Guiné 63/74 - P8471: Ser solidário (109): Grupo de sapadores ao serviço de uma ONG continuam a picar a terra na Guiné-Bissau em busca de minas e armadilhas (José Teixeira)

José Teixeira e seus filhos Joana e Tiago com o grupo de sapadores que estavam no Cantanhez a levantar minas e armadilhas.

O Dr. Tiago Teixeira com um grupo de crianças da Guiné, para quem a guerra já faz parte da história.



1. Mensagem de José Teixeira* (ex-1.º Cabo Enf.º da CCAÇ 2381, Buba, Quebo, Mampatá e Empada, 1968/70), com data de 9 de Maio de 2011:

Caríssimos amigos editores
Junto um artigo sobre os perigos das minas e armadilhas semeadas no tempo da guerra que continuam a sua triste façanha de matar vidas.

Abraço fraterno
Zé Teixeira


Conjunto de granadas levantadas durante uma semana no Cantanhez.


MINAS E ARMADILHAS

A morte provocada por minas e armadilhas ainda espreita na Guiné-Bissau.

Nesta visita à Guiné-Bissau, mais propriamente em Iemberém cruzei-me com o Sané. Homem simpático e bem disposto que me chamou a atenção por não ter um braço.

- Fui soldado português na CCaç 6 de Bedanda - disse-me com felicidade estampado no rosto quando se apercebeu que eu era um antigo combatente português.

Uma roquetada fez desaparecer o seu braço direito. Esteve oito meses em Lisboa e depois... voltou para a guerra.
Com orgulho apresenta-nos o seu filho mais novo, um garotito de 8/9anos, que nos vem cumprimentar delicadamente e fica ali a ouvir o pai a falar da sua guerra ao lado dos portugueses

A conversa atira-nos para o seu passado na guerra colonial; os seus amigos soldados brancos, o Capitão X ou o Alferes Y. Grandes amigos…
A guerra ao lado dos portugueses, sem rancores, bem pelo contrário. As grandes operações em que esteve envolvido. O fim da guerra e as complicações que advieram para os que se bateram por Portugal.
A felicidade por encontrar um português, antigo combatente...

Hoje, integra um grupo de sapadores que com o apoio de uma ONG vocacionada para a desmontagem de minas e armadilhas, dedicam o seu tempo a procurar e desmontar as milhares de minas, armadilhas e bombas que ficaram no terreno, desde o tempo da guerra. A mata do Cantanhez é ainda um terrível ninho dessas fábricas de morte.
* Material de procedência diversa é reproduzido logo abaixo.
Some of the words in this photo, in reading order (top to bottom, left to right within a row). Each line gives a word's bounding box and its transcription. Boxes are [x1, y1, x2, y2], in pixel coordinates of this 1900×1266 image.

Não se pode afirmar haja o perigo de rebentarem, pois com o andar dos tempos, o risco da espoleta estar ativa é quase nulo. Podem tornar-se um perigoso brinquedo nas mãos de uma criança, ou até um adulto que desconhecendo o risco pode provocar o rebentamento. A matéria explosiva estará sempre ativa e… a morte continua a espreitar em qualquer sítio.
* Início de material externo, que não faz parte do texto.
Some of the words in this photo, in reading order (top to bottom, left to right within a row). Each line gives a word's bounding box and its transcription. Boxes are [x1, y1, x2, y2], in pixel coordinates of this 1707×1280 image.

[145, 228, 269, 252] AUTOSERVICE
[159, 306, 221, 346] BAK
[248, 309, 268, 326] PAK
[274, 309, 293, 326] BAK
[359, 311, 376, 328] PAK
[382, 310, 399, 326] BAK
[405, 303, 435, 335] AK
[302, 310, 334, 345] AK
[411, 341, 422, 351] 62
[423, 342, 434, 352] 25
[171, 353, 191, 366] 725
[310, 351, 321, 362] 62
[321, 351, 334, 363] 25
Convém lembrar que a idade média de vida na Guiné-Bissau é de 47 anos, o que quer dizer que mais de oitenta por cento das pessoas que viveram a guerra já passaram para o outro lado da vida. Para os mais novos, sobretudo as crianças e jovens, a guerra já faz parte da História. Não é possível sensibilizá-los para os perigos que a mata esconde.

Há cerca de um ano morreram duas mulheres que se serviram de uma granada de morteiro para fazer de martelo e, esta adormecida há quarenta e tantos anos, rebentou, roubando duas vidas.
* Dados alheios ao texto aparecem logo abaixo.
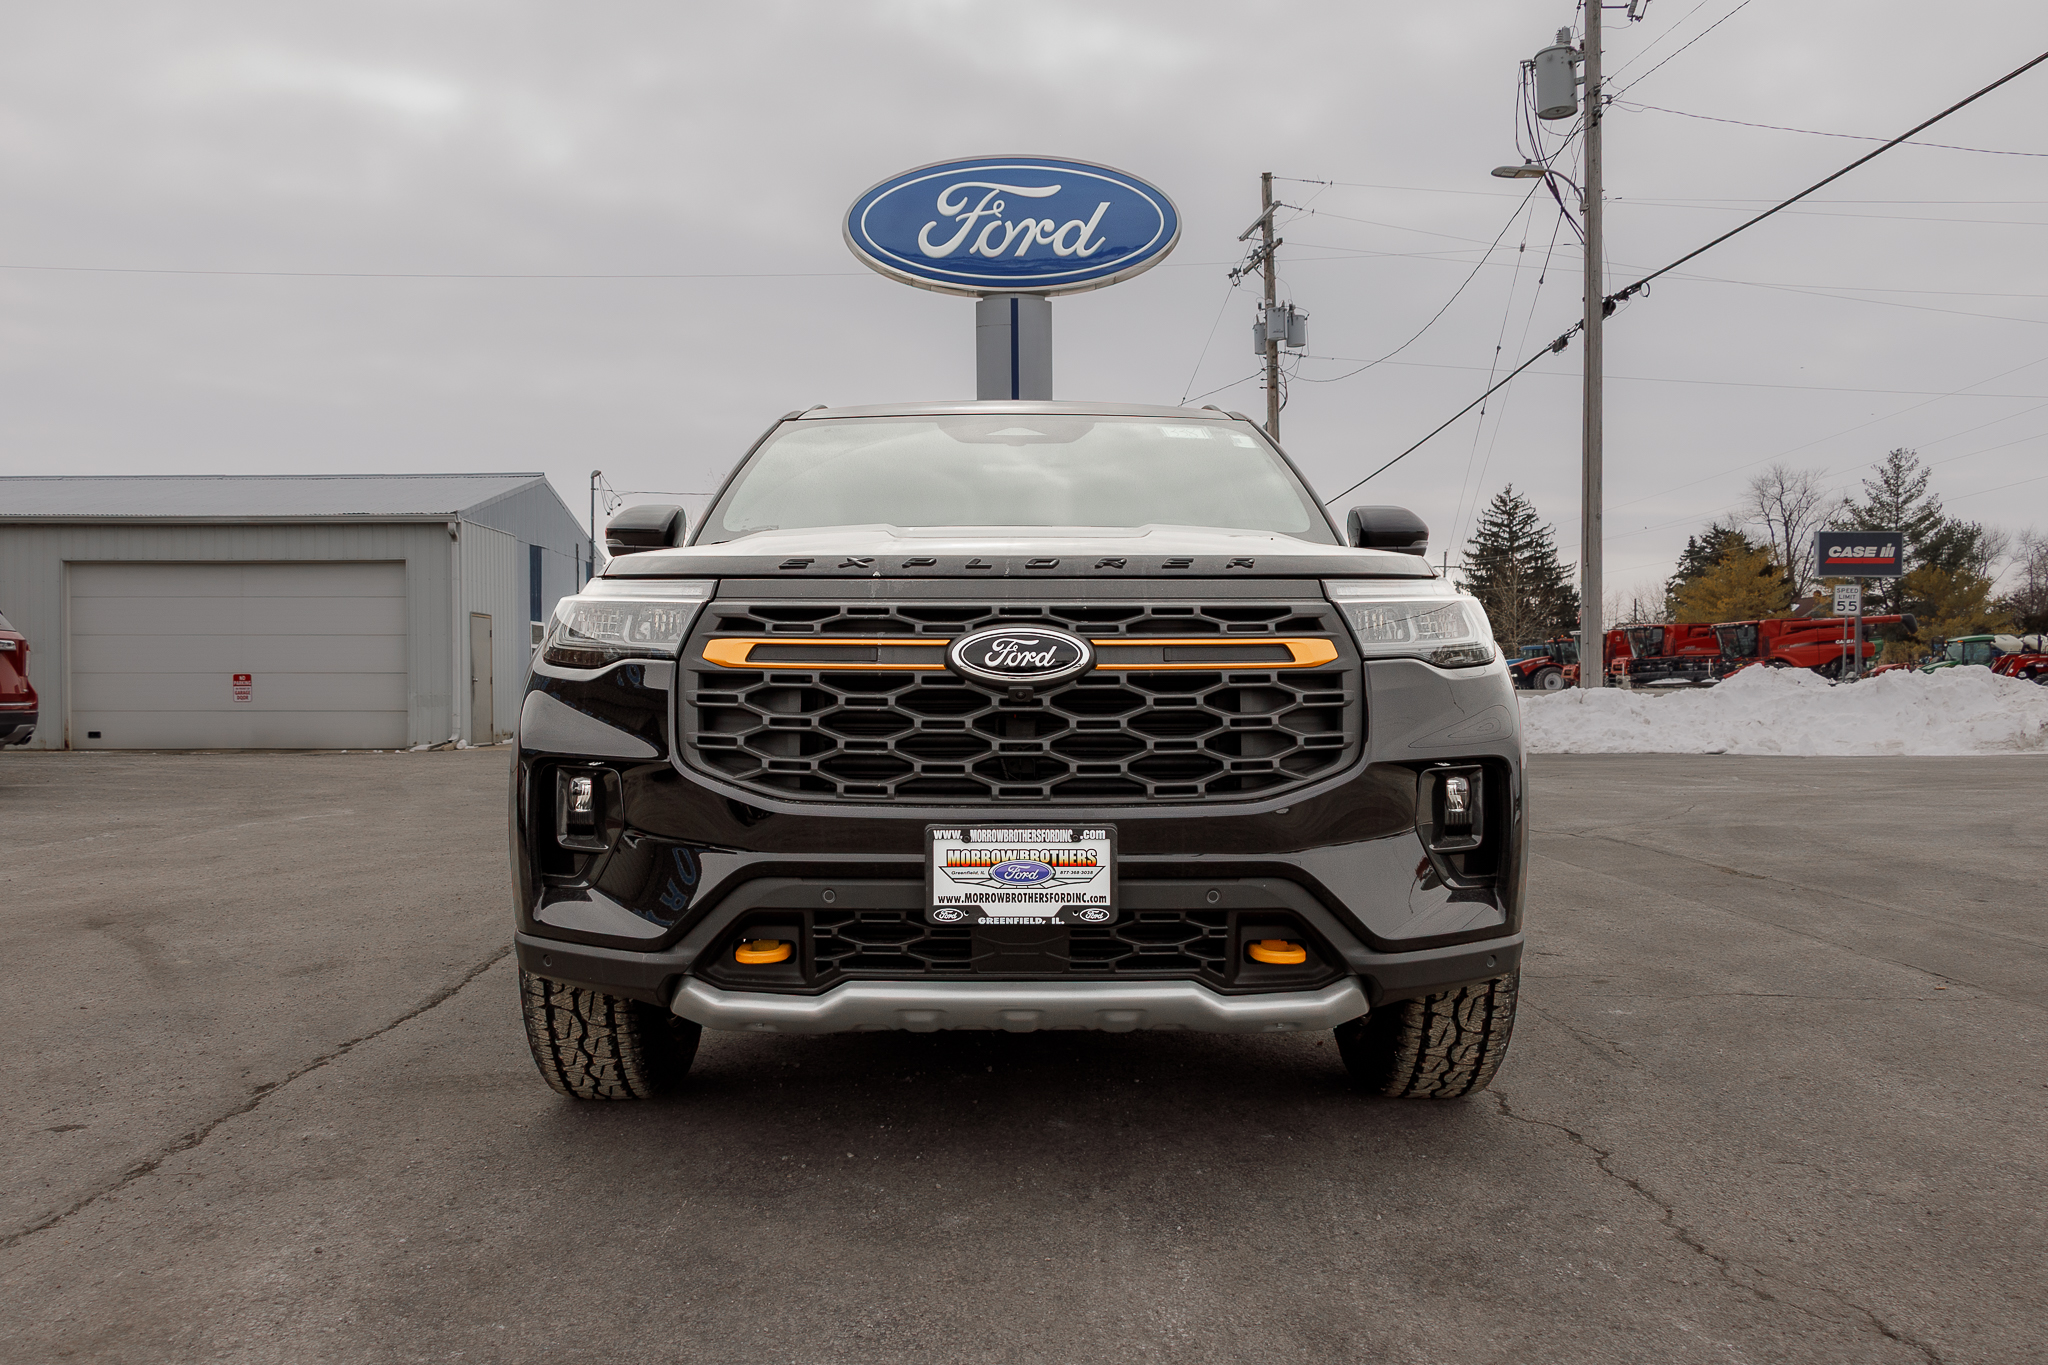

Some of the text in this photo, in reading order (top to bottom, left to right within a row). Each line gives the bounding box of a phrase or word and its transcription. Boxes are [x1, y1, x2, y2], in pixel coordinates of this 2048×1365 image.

[918, 181, 1111, 259] Ford
[1828, 545, 1878, 558] CASE
[778, 556, 1256, 570] EXPLORER
[1836, 600, 1858, 612] 55
[983, 637, 1057, 668] Ford
[1004, 865, 1039, 880] Ford
[938, 892, 1107, 904] www.MORROWBROTHERSFORDINC.com
[938, 910, 959, 920] Ford
[978, 917, 1047, 925] GREENFIELD,
[1085, 910, 1105, 920] Ford
Os sapadores sabem o risco que correm, mas continuam a sua missão. Ainda há muito trabalho a fazer. Procuram sensibilizar as pessoas para os informarem, se por acaso encontrarem algum explosivo. Tentam saber através de antigos combatentes, os locais onde escondiam o armamento e as munições. Hoje a vegetação descaracterizou o terreno, pelo que a missão é ingrata e difícil. Há mesmo quem sabendo mais ou menos o local onde há munições escondidas se recusa a passar a informação. Quer alvíssaras que ninguém pode pagar.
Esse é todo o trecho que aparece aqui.